Queues are named and must be created explicitly A queue is far more rigid than a topic.
Before a queue can be used, the queue must be created explicitly with a separate command. Only
after the queue is named and created is it possible to publish or consume messages. In contrast, MQTT
topics are extremely flexible and can be created on the fly.

https://youtu.be/HCzQJMdHcy0

9.5 MQTT Client and Broker and MQTT Server and Connection
Establishment
Because MQTT decouples the publisher from the subscriber, client connections are always handled by
a broker. Before we get into the details of these connections, let’s be clear about what we mean by
client and broker.

9.5.1 Client
When we talk about a client, we almost always mean an MQTT client. Both publishers and subscribers
are MQTT clients. The publisher and subscriber labels refer to whether the client is currently
publishing messages or subscribed to receive messages (publish and subscribe functionality can also
be implemented in the same MQTT client). An MQTT client is any device (from a micro controller up
to a full-fledged server) that runs an MQTT library and connects to an MQTT broker over a
network. For example, the MQTT client can be a very small, resource-constrained device that connects
over a wireless network and has a bare-minimum library. The MQTT client can also be a typical
computer running a graphical MQTT client for testing purposes. Basically, any device that speaks
MQTT over a TCP/IP stack can be called an MQTT client. The client implementation of the MQTT
protocol is very straight forward and streamlined. The ease of implementation is one of the reasons
why MQTT is ideally suited for small devices. MQTT client libraries are available for a huge variety of
programming languages. For example, Android, Arduino, C, C++, C#, Go, iOS, Java, JavaScript, and
.NET.

9.5.2 Broker
The counterpart of the MQTT client is the MQTT broker. The broker is at the heart of any
publish/subscribe protocol. Depending on the implementation, a broker can handle up to millions of
concurrently connected MQTT clients.

The broker is responsible for receiving all messages, filtering the messages, determining who
is subscribed to each message, and sending the message to these subscribed clients. The broker also
holds the session data of all clients that have persistent sessions, including subscriptions and missed
messages. Another responsibility of the broker is the authentication and authorization of clients.
Usually, the broker is extensible, which facilitates custom authentication, authorization, and
integration into backend systems. Integration is particularly important because the broker is
frequently the component that is directly exposed on the internet, handles a lot of clients, and needs
to pass messages to downstream analyzing and processing systems. In brief, the broker is the central
hub through which every message must pass. Therefore, it is important that your broker is highly
scalable, integratable into backend systems, easy to monitor, and (of course) failure-resistant.

9.5.3 MQTT Connection


The MQTT protocol is based on TCP/IP. Both the client and the broker need to have a TCP/IP stack.

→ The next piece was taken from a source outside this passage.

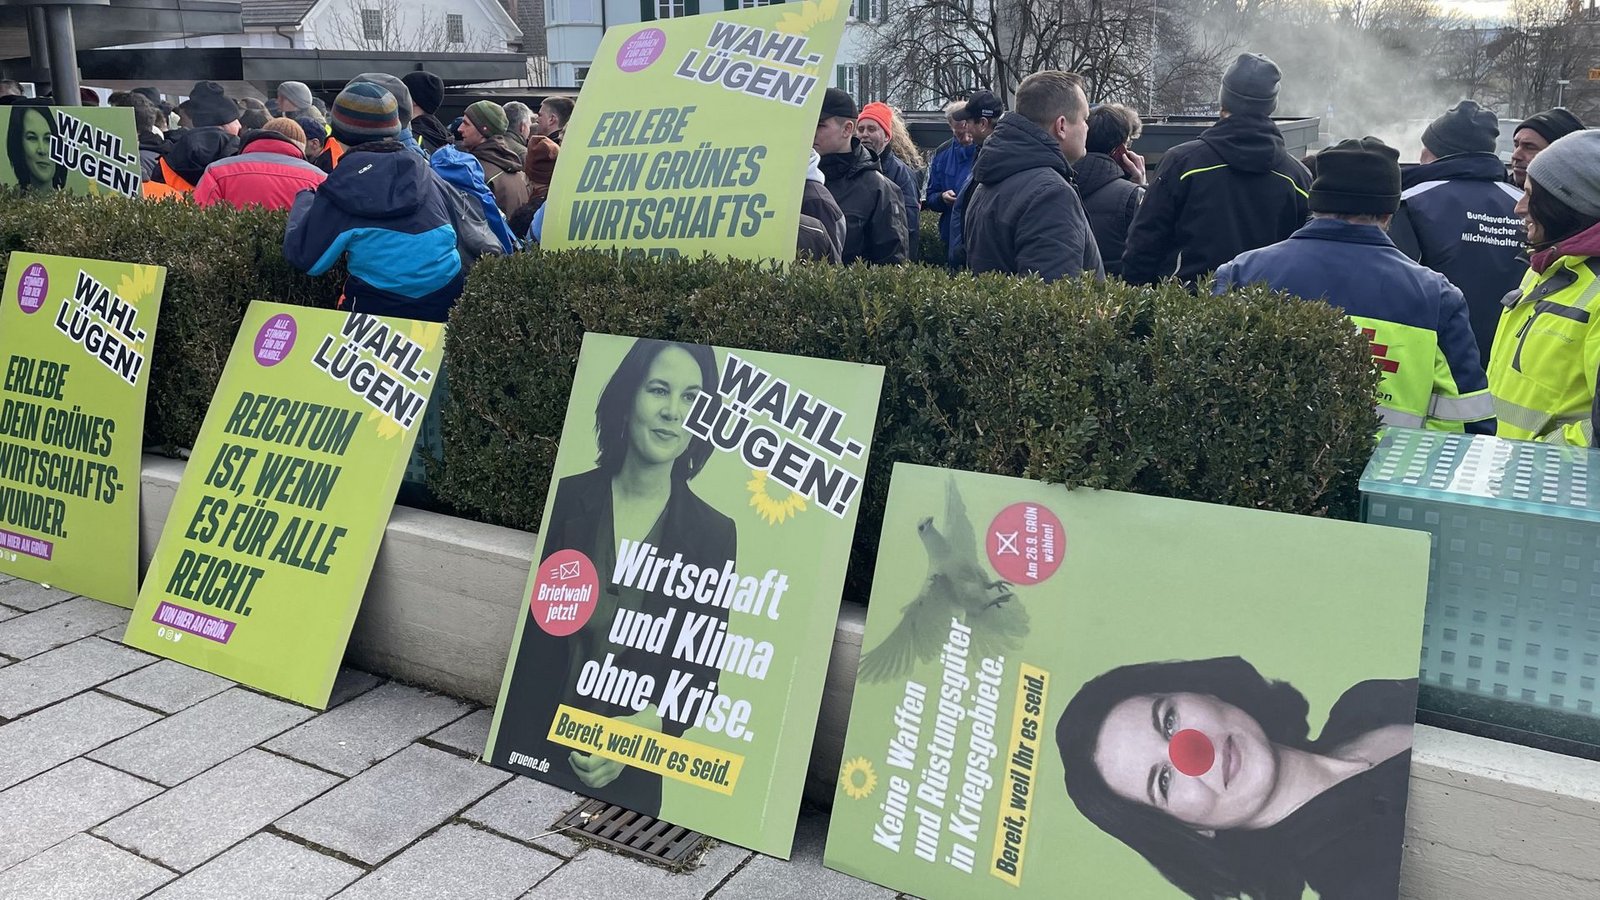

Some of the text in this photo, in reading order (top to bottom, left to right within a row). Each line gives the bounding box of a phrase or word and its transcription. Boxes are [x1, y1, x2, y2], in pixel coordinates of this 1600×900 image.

Figure 9-3 MQTT TCP/IP stack

The MQTT connection is always between one client and the broker. Clients never connect to
each other directly. To initiate a connection, the client sends a CONNECT message to the broker. The
broker responds with a CONNACK message and a status code. Once the connection is established, the
broker keeps it open until the client sends a disconnect command or the connection breaks.

Figure 9-4 Connect Flow


9.5.4 MQTT connection through a NAT
In many common use cases, the MQTT client is located behind a router that uses network address
translation (NAT) to translate from a private network address (like 192.168.x.x, 10.0.x.x) to a public
facing address. As we already mentioned, the MQTT client initiates the connection by sending a
CONNECT message to the broker. Because the broker has a public address and keeps the connection
open to allow bidirectional sending and receiving of messages (after the initial CONNECT), there is no
problem at all with clients that are located behind a NAT.

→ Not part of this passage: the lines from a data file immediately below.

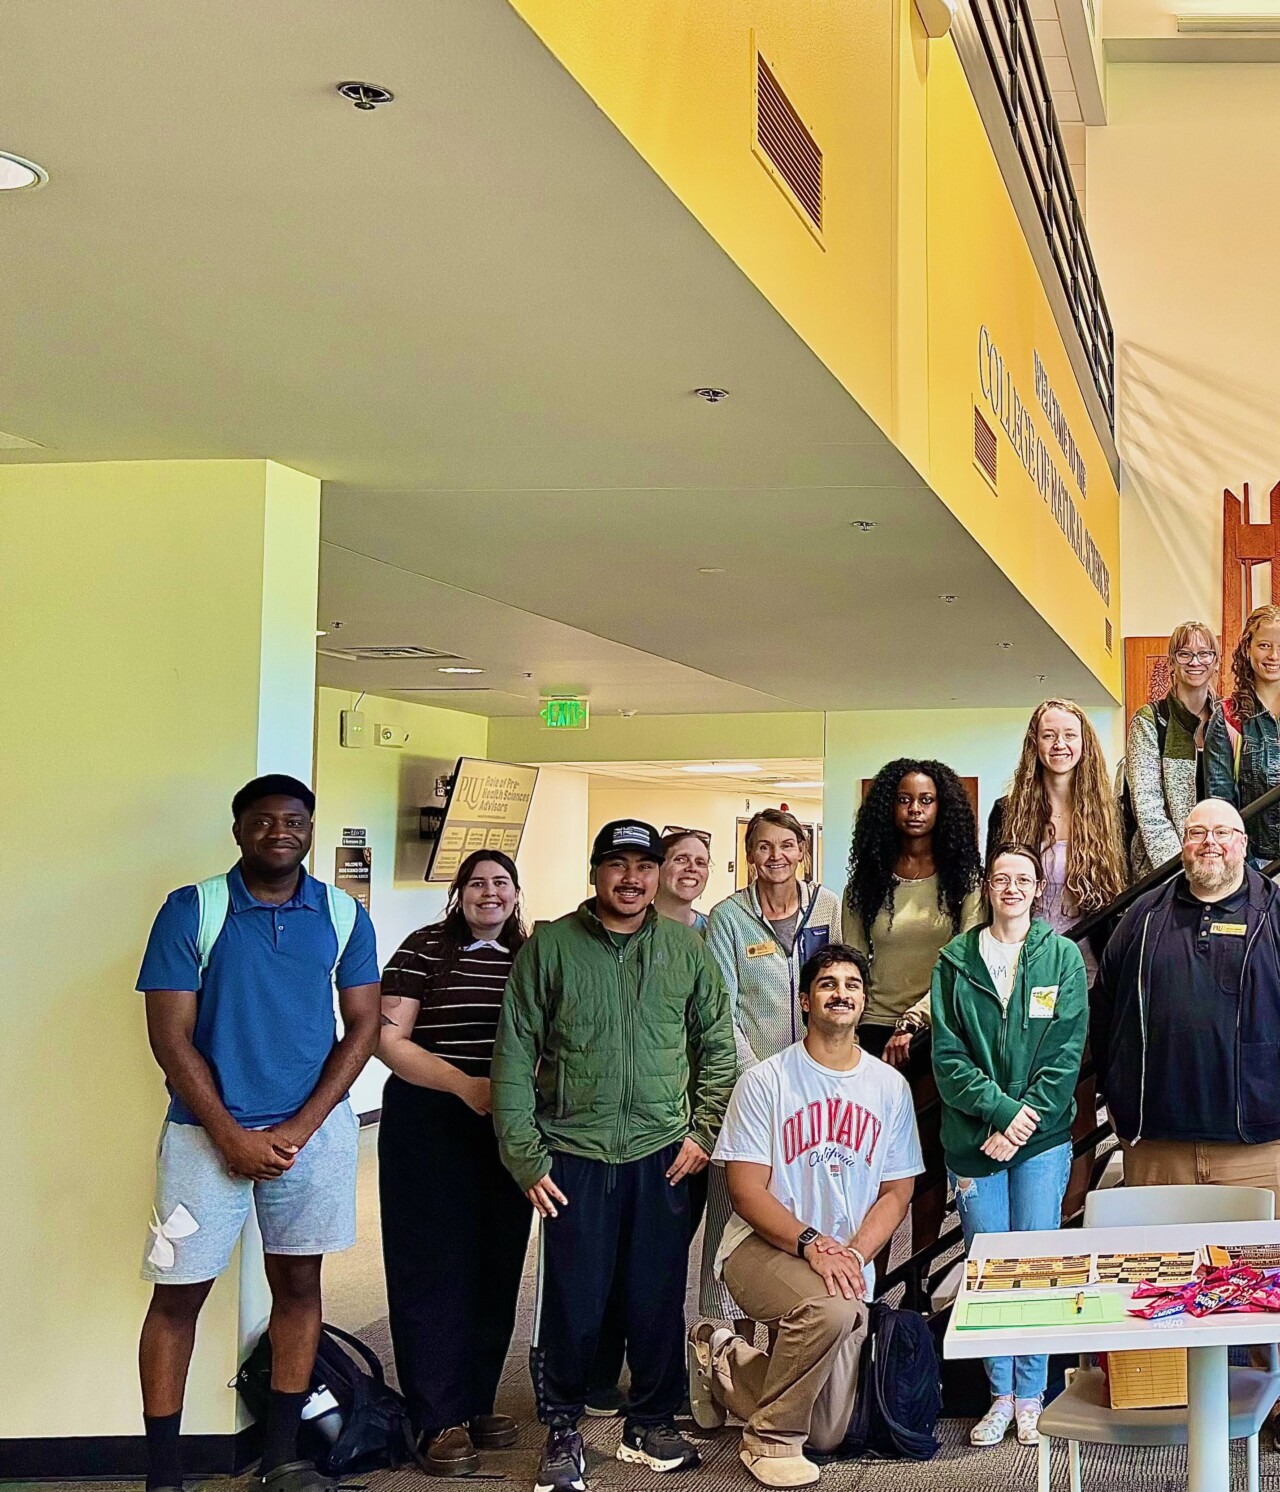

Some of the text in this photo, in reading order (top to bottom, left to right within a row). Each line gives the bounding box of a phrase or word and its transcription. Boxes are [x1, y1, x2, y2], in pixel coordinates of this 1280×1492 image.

[1033, 348, 1087, 500] WELCOME TO THE
[979, 324, 1110, 609] COLLEGE OF NATURAL SCIENCES
[547, 701, 581, 727] EXIT
[455, 776, 485, 811] PLU
[482, 788, 531, 803] Health Sciences
[485, 776, 499, 788] Role
[499, 777, 508, 788] of
[479, 800, 508, 813] Advisors
[782, 1099, 822, 1166] OLD
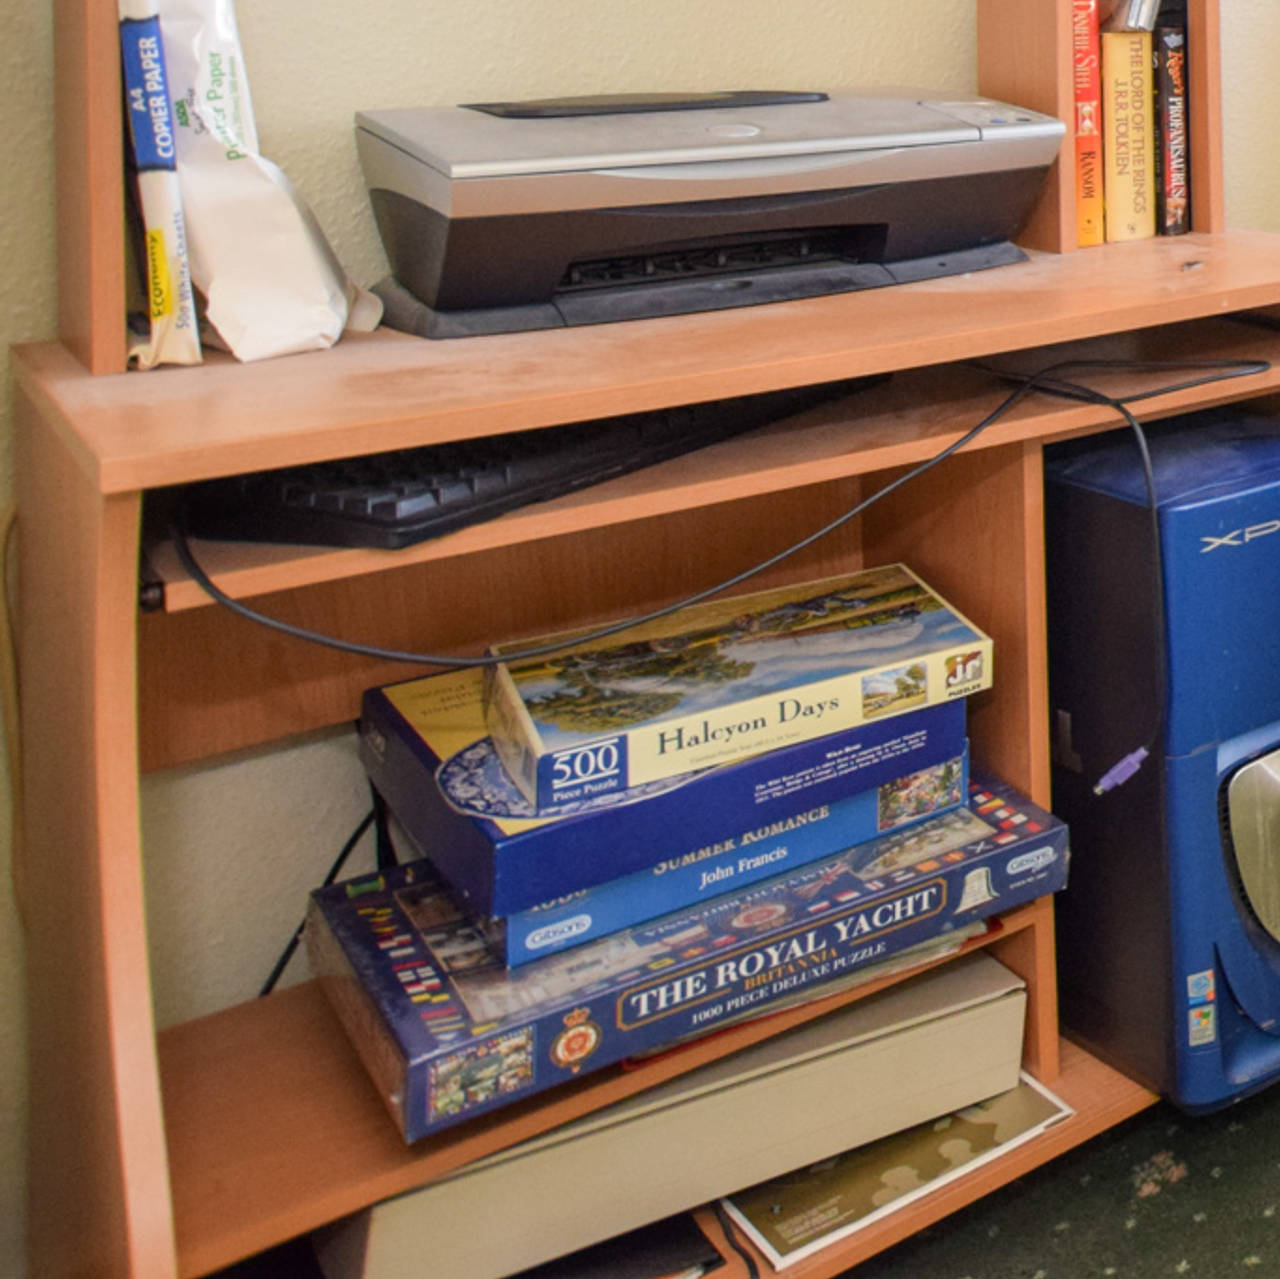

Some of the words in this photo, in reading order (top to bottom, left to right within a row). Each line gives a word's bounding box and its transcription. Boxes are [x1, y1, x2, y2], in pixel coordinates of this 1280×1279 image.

[138, 36, 164, 92] PAPER
[1130, 38, 1143, 68] THE
[206, 51, 226, 101] Paper
[1131, 69, 1144, 111] LORD
[130, 87, 147, 112] A4
[174, 98, 190, 128] ASDA
[148, 95, 174, 159] COPIER
[1131, 112, 1144, 133] OF
[1115, 115, 1130, 176] TOLKIEN
[1132, 139, 1145, 167] THE
[1167, 97, 1186, 199] PROFANISAURUS
[1080, 151, 1096, 198] RANSOM
[1132, 168, 1147, 215] RINGS
[658, 717, 767, 755] Halcyon
[778, 697, 839, 723] Days
[553, 744, 618, 786] 500
[553, 789, 581, 802] Piece
[584, 778, 618, 794] Puzzle
[653, 839, 736, 876] SUMMER
[741, 805, 830, 846] ROMANCE
[699, 865, 734, 890] John
[738, 846, 788, 873] Francis
[530, 920, 588, 946] Gibsons
[630, 971, 707, 1018] THE
[716, 931, 826, 989] ROYAL
[834, 887, 937, 943] YACHT
[692, 1004, 723, 1025] 1000
[727, 988, 769, 1011] PIECE
[772, 963, 830, 994] DELUXE
[833, 941, 886, 970] PUZZLE
[744, 948, 838, 991] BRITANNIA

9.5.5 Client initiates connection with the CONNECT message


Now let’s look at the MQTT CONNECT command message. To initiate a connection, the client sends a
command message to the broker. If this CONNECT message is malformed (according to the MQTT
specification) or too much time passes between opening a network socket and sending the connect
message, the broker closes the connection. This behavior deters malicious clients that can slow the
broker down. A good-natured MQTT 3 client sends a connect message with the following
content (among other things):

Figure 9-5 Connect

Some information included in a CONNECT message is probably more interesting to


implementers of an MQTT library rather than to users of that library. For all the details, have a look at
the MQTT 3.1.1 specification.

We will focus on the following options:

9.5.5.1 ClientId
The client identifier (ClientId) identifies each MQTT client that connects to an MQTT broker. The
broker uses the ClientId to identify the client and the current state of the client.Therefore, this Id
should be unique per client and broker. In MQTT 3.1.1 you can send an empty ClientId, if you don’t
need a state to be held by the broker. The empty ClientId results in a connection without any state. In
this case, the clean session flag must be set to true or the broker will reject the connection.
9.5.5.2 Clean Session
The clean session flag tells the broker whether the client wants to establish a persistent session or not.
In a persistent session (CleanSession = false), the broker stores all subscriptions for the client and all
missed messages for the client that subscribed with a Quality of Service (QoS) level 1 or 2. If the
session is not persistent (CleanSession = true), the broker does not store anything for the client and
purges all information from any previous persistent session.

9.5.5.3 Username/Password
MQTT can send a user name and password for client authentication and authorization. However, if
this information isn’t encrypted or hashed (either by implementation or TLS), the password is sent in
plain text. We highly recommend the use of user names and passwords together with a secure
transport. Brokers like HiveMQ can authenticate clients with an SSL certificate, so no username and
password is needed.

9.5.5.4 Will Message


The last will message is part of the Last Will and Testament (LWT) feature of MQTT. This message
notifies other clients when a client disconnects ungracefully. When a client connects, it can provide
the broker with a last will in the form of an MQTT message and topic within the CONNECT message. If
the client disconnects ungracefully, the broker sends the LWT message on behalf of the client.

9.5.5.5 KeepAlive
The keep alive is a time interval in seconds that the client specifies and communicates to the broker
when the connection established. This interval defines the longest period of time that the broker and
client can endure without sending a message. The client commits to sending regular PING Request
messages to the broker. The broker responds with a PING response. This method allows both sides to
determine if the other one is still available.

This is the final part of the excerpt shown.